BEGIN Entries shown

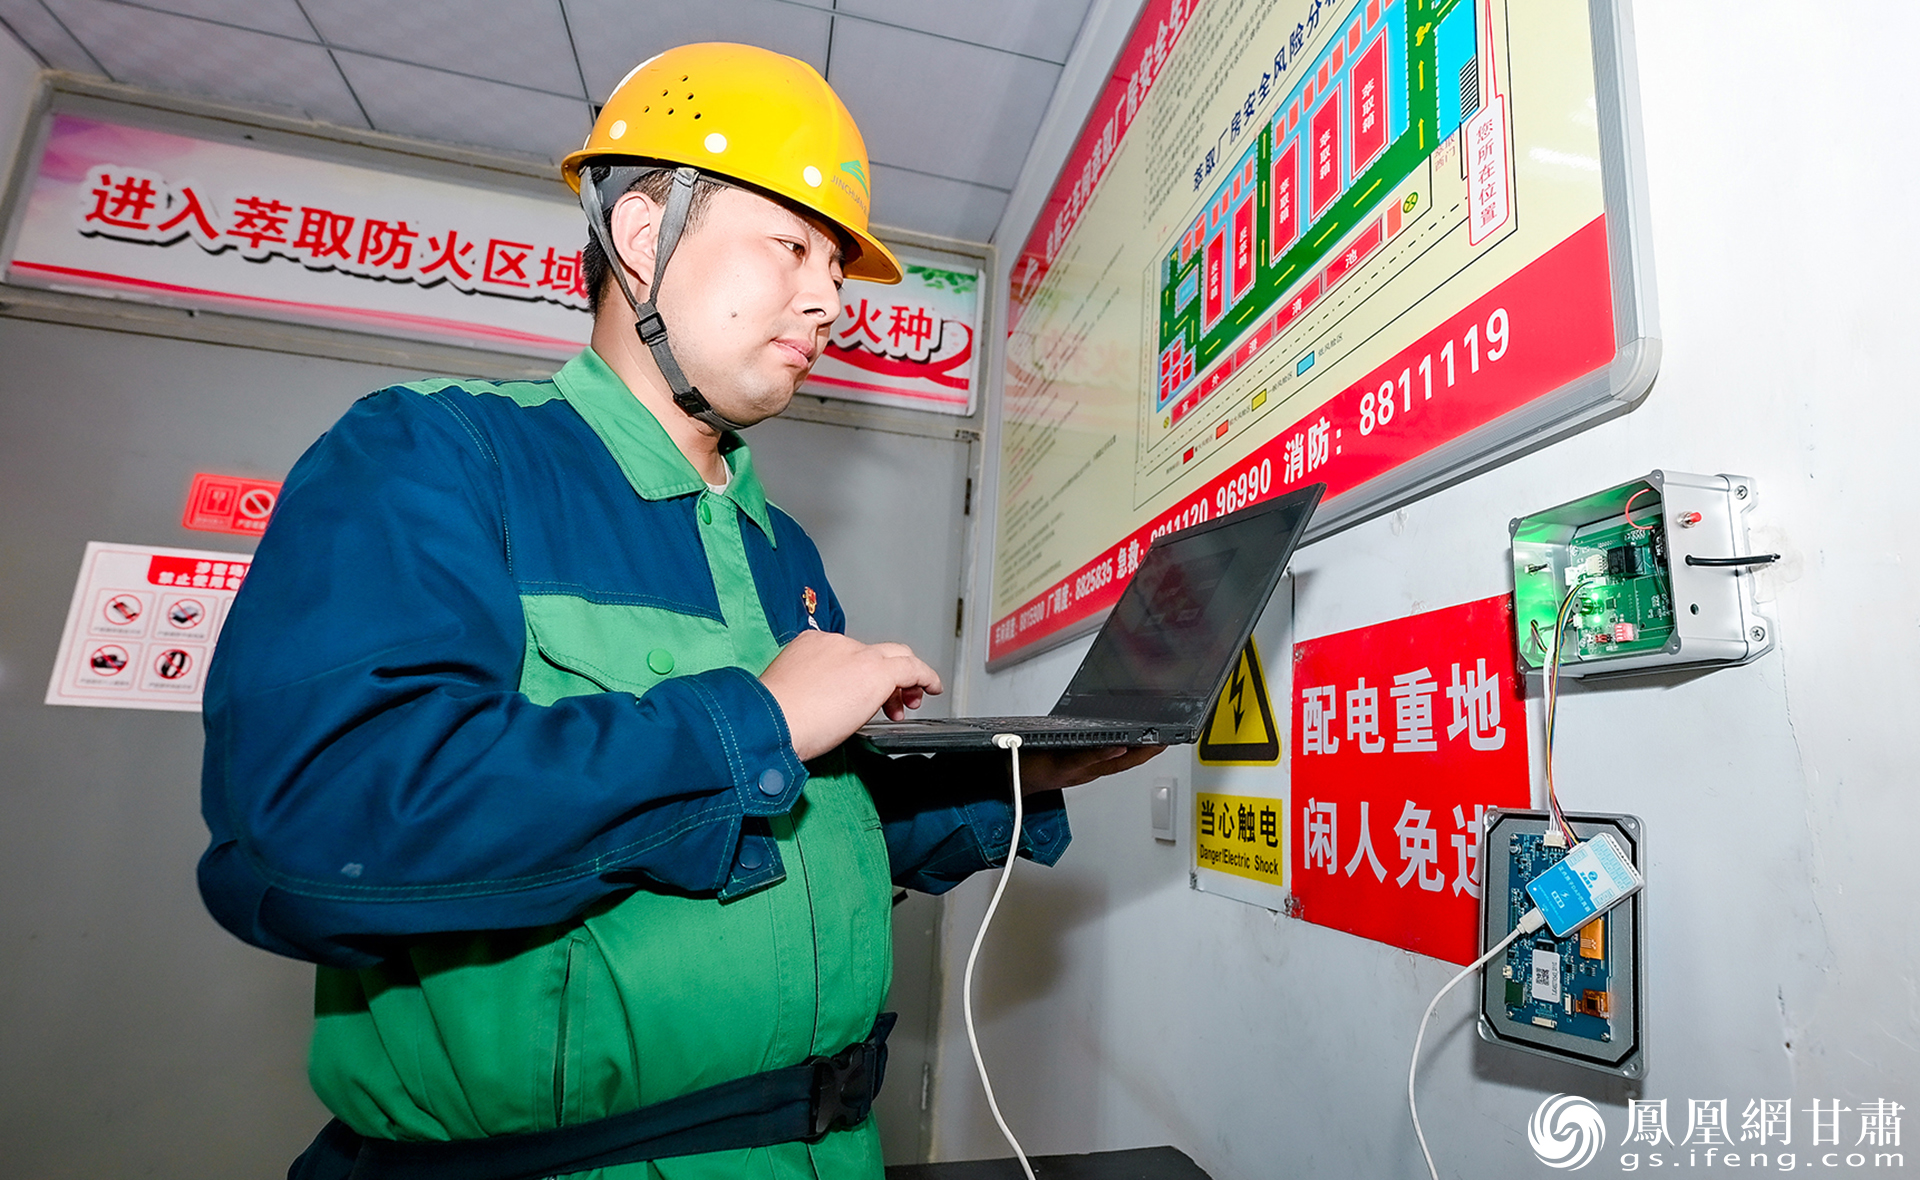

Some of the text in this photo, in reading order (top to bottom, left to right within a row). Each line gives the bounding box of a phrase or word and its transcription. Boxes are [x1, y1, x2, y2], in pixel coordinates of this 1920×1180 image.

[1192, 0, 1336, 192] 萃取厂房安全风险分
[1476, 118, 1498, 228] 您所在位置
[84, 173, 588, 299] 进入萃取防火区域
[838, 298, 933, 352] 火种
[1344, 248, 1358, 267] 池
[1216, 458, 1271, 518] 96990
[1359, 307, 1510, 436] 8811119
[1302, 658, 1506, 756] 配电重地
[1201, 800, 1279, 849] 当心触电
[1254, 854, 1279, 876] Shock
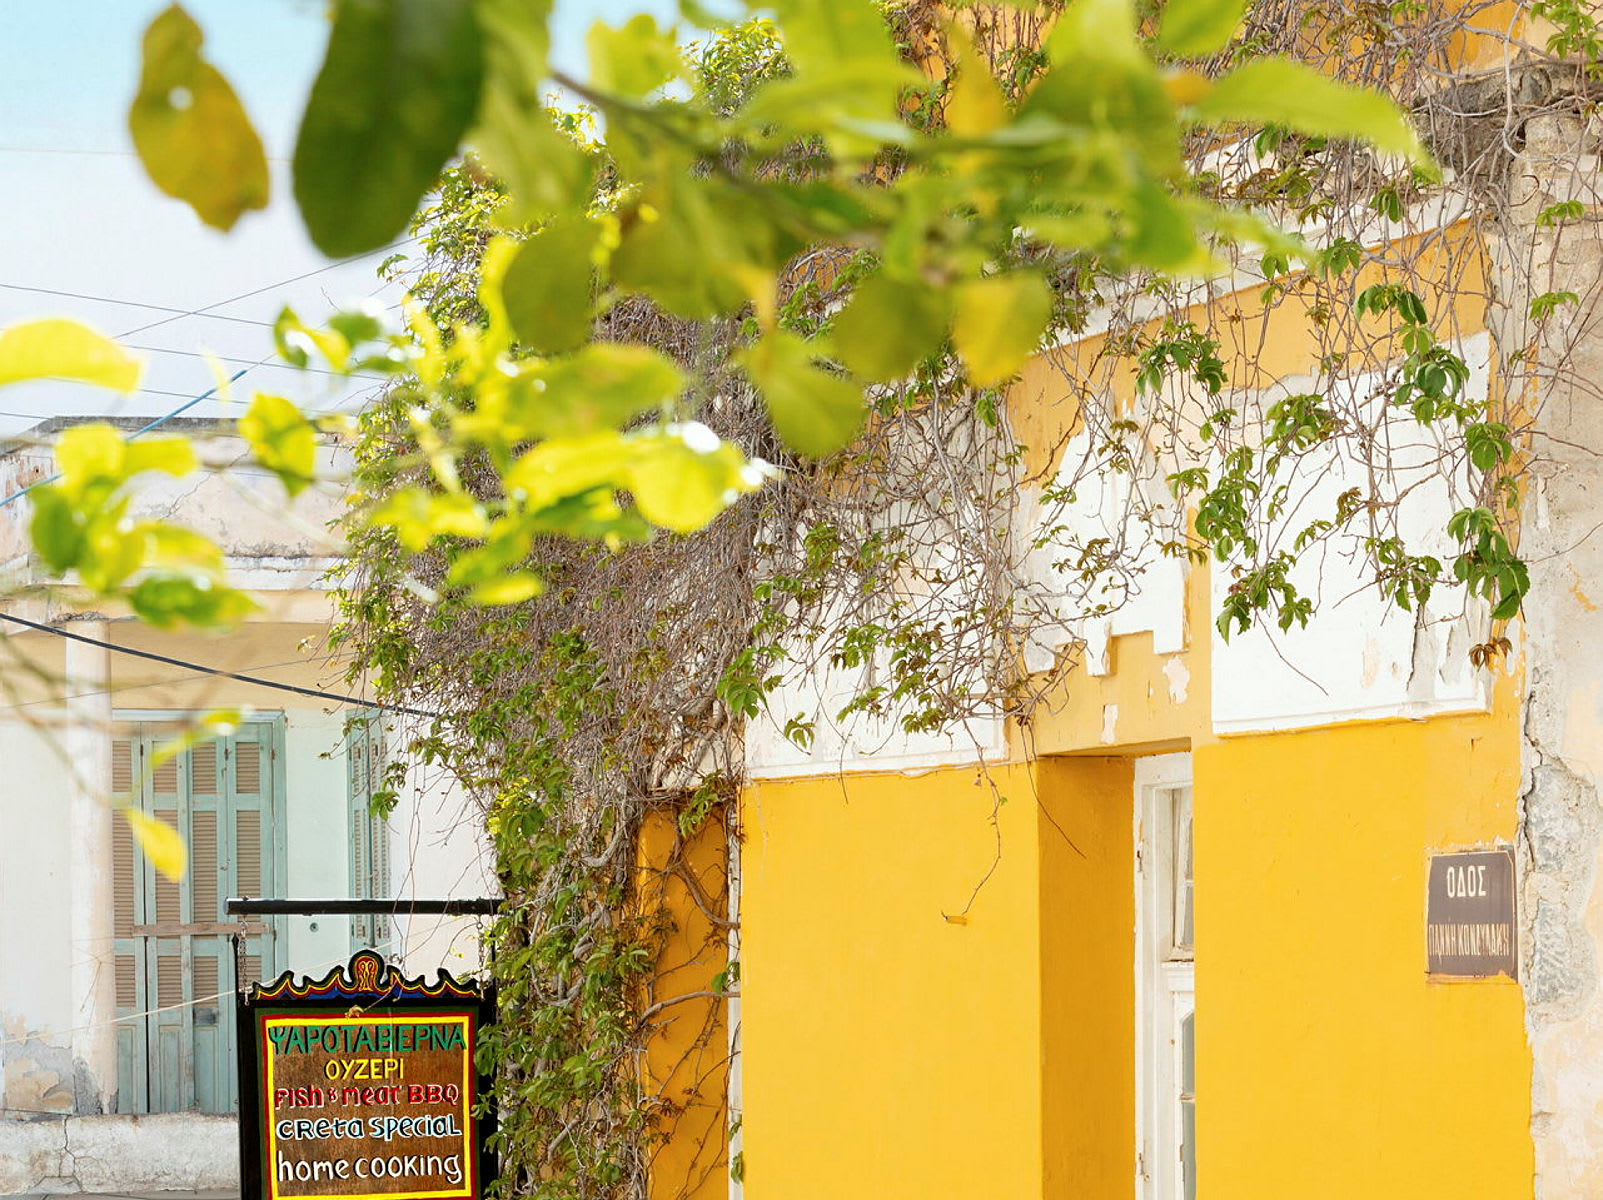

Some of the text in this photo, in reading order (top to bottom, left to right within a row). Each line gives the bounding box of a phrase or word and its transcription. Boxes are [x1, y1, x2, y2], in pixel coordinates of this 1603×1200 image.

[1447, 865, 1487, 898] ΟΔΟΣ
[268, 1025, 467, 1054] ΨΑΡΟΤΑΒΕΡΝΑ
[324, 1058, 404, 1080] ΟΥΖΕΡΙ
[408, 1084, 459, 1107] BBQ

END Entries shown

Give back all entries exactly. No pictures belong in the copy.

Some of the text in this photo, in reading order (top to bottom, left to right within a row). Each line gives the bounding box of a phrase or word and its transcription. Boxes are [x1, y1, x2, y2], in pixel coordinates of this 1920×1180 image.

[1192, 0, 1336, 192] 萃取厂房安全风险分
[1476, 118, 1498, 228] 您所在位置
[84, 173, 588, 299] 进入萃取防火区域
[838, 298, 933, 352] 火种
[1344, 248, 1358, 267] 池
[1216, 458, 1271, 518] 96990
[1359, 307, 1510, 436] 8811119
[1302, 658, 1506, 756] 配电重地
[1201, 800, 1279, 849] 当心触电
[1254, 854, 1279, 876] Shock

Some of the text in this photo, in reading order (top to bottom, left to right within a row). Each line gives the bounding box of a phrase or word and its transcription. Boxes are [x1, y1, x2, y2], in pixel coordinates of this 1603×1200 image.

[1447, 865, 1487, 898] ΟΔΟΣ
[268, 1025, 467, 1054] ΨΑΡΟΤΑΒΕΡΝΑ
[324, 1058, 404, 1080] ΟΥΖΕΡΙ
[408, 1084, 459, 1107] BBQ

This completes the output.